Aim of the exercise =
Repeat the lines of the listing below exactly, starting at the line that contains "this 1040×1888 image." and running through the last line, both included, and only those.
Top of Supplied material
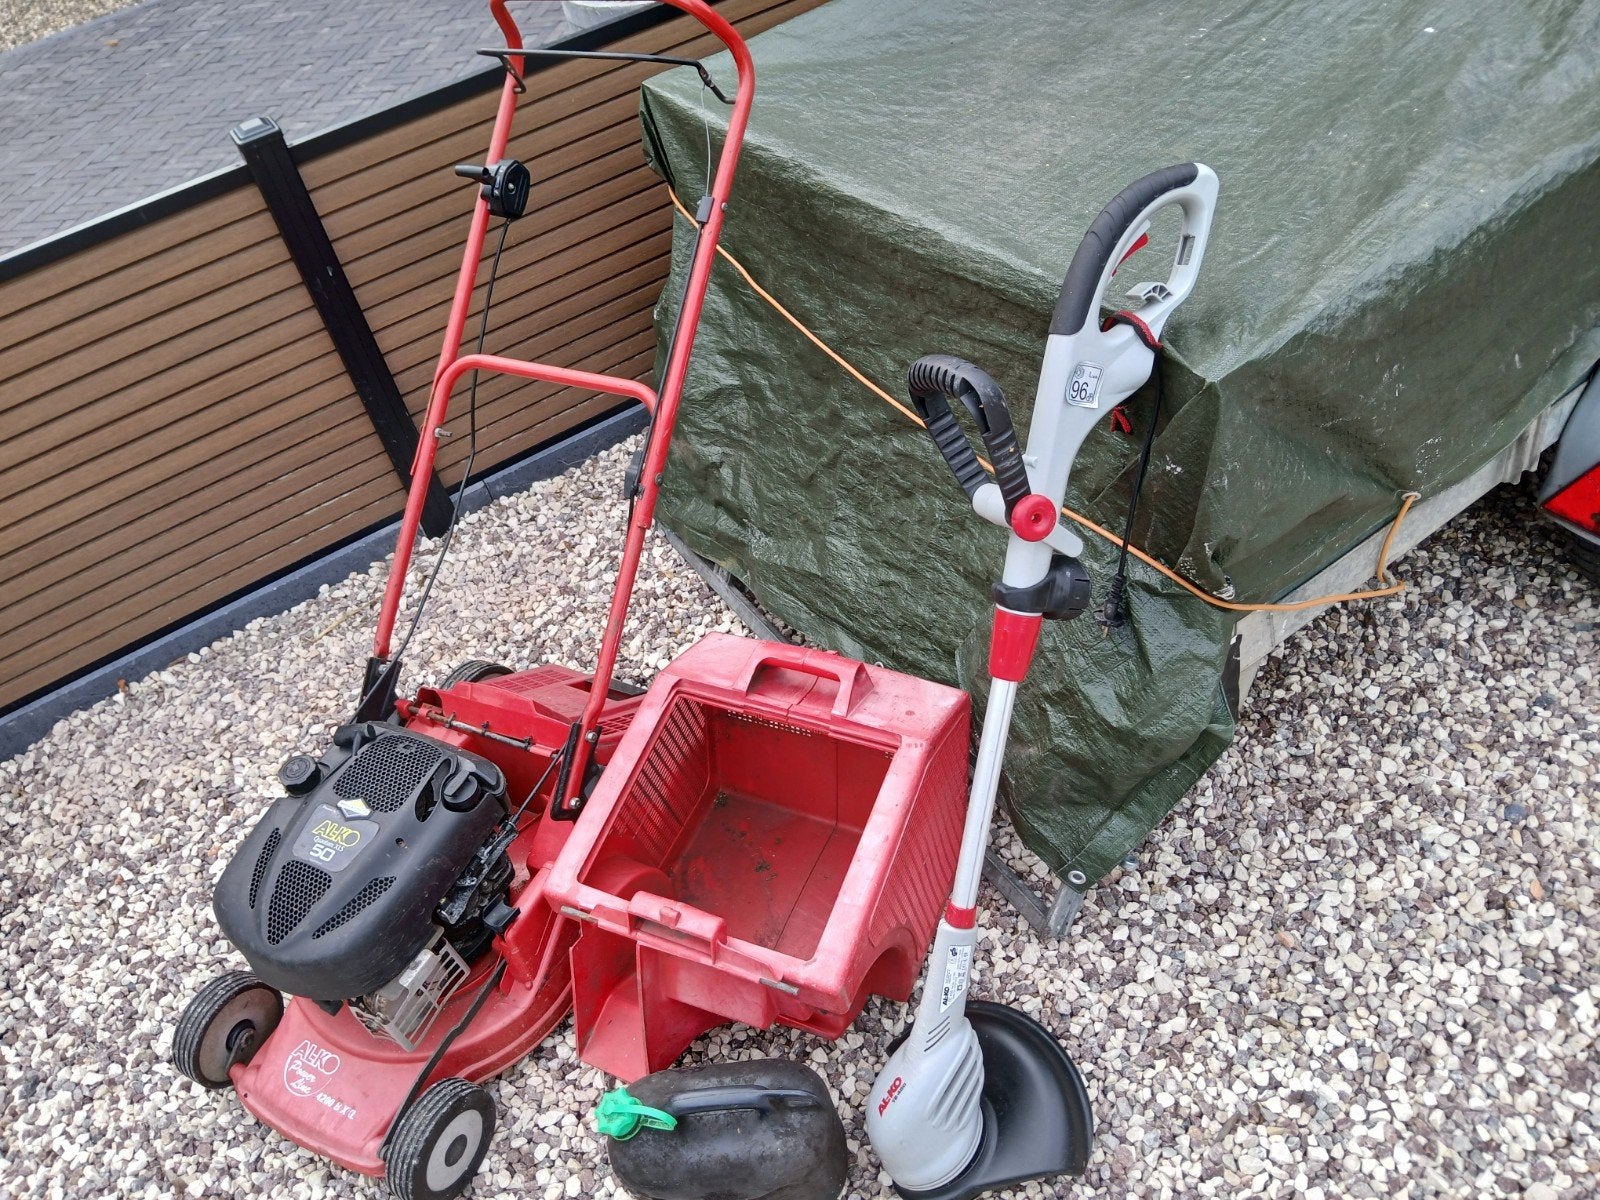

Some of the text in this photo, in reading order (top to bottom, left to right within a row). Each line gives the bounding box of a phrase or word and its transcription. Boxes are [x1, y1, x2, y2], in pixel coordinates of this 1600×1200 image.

[1071, 380, 1089, 400] 96
[312, 820, 360, 847] AL-KO
[309, 843, 336, 861] 50
[942, 986, 950, 1005] AL-KO
[290, 1040, 340, 1075] AL-KO
[288, 1060, 317, 1083] Power
[290, 1077, 312, 1094] Line
[316, 1092, 336, 1108] 4200
[878, 1076, 902, 1117] AL-KO
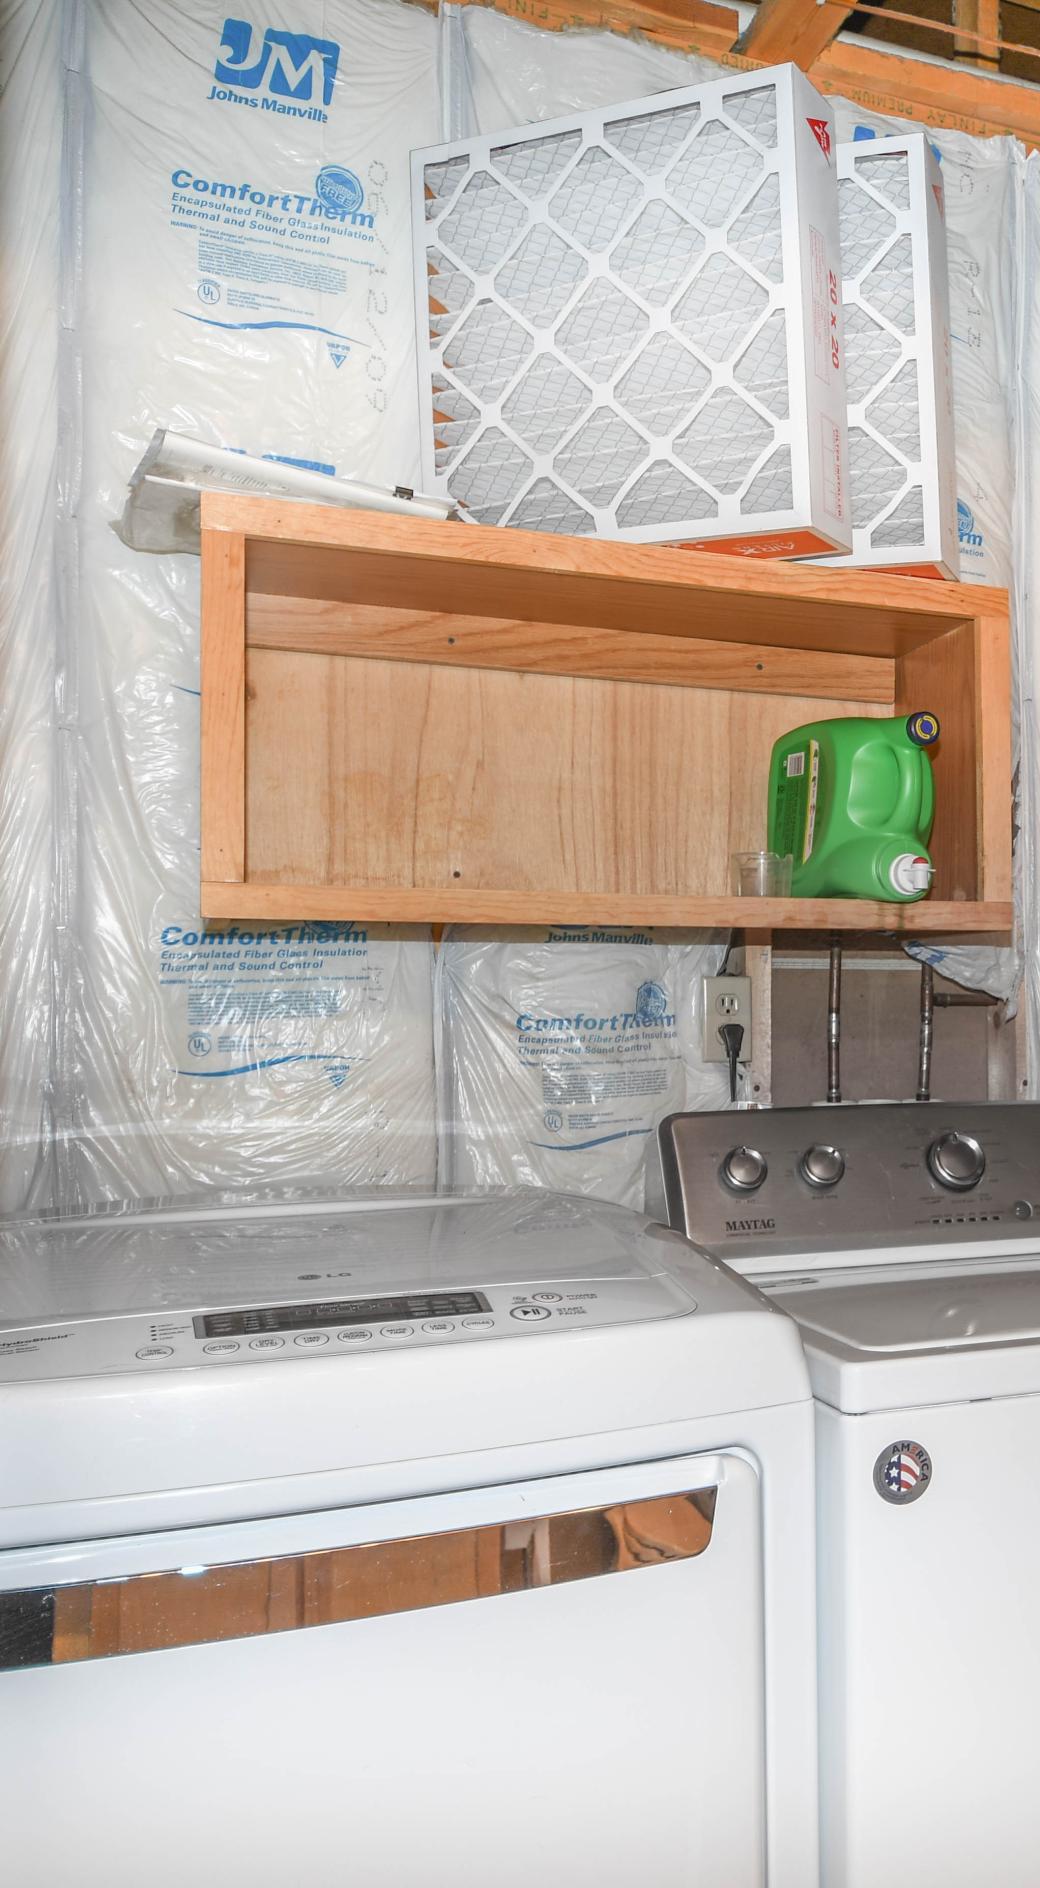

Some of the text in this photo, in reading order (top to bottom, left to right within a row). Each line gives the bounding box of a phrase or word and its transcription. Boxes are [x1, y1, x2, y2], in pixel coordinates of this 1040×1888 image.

[214, 18, 340, 106] JM
[206, 85, 329, 124] Johns Manville
[171, 169, 374, 229] ComfortTherm
[171, 192, 251, 216] Encapsulated
[255, 209, 284, 224] Fiber
[319, 222, 374, 243] Insulation
[171, 204, 220, 223] Thermal
[223, 215, 245, 228] and
[250, 220, 286, 236] Sound
[161, 926, 367, 946] ComfortTherm
[545, 931, 653, 946] Johns Manville
[244, 949, 272, 960] Fiber
[277, 949, 308, 959] Glass
[213, 961, 235, 972] and
[238, 960, 275, 971] Sound
[279, 958, 323, 970] Control
[516, 1012, 676, 1032] ComfortTherm
[618, 1042, 651, 1053] Control
[725, 1218, 776, 1231] MAYTAG
[892, 1443, 929, 1482] AMERICA
Bottom of Supplied material
Worked solution =
Some of the text in this photo, in reading order (top to bottom, left to right within a row). Each line gives the bounding box of a phrase or word and its transcription. Boxes are [x1, y1, x2, y2], in pixel coordinates of this 1040×1888 image.

[214, 18, 340, 106] JM
[206, 85, 329, 124] Johns Manville
[171, 169, 374, 229] ComfortTherm
[171, 192, 251, 216] Encapsulated
[255, 209, 284, 224] Fiber
[319, 222, 374, 243] Insulation
[171, 204, 220, 223] Thermal
[223, 215, 245, 228] and
[250, 220, 286, 236] Sound
[161, 926, 367, 946] ComfortTherm
[545, 931, 653, 946] Johns Manville
[244, 949, 272, 960] Fiber
[277, 949, 308, 959] Glass
[213, 961, 235, 972] and
[238, 960, 275, 971] Sound
[279, 958, 323, 970] Control
[516, 1012, 676, 1032] ComfortTherm
[618, 1042, 651, 1053] Control
[725, 1218, 776, 1231] MAYTAG
[892, 1443, 929, 1482] AMERICA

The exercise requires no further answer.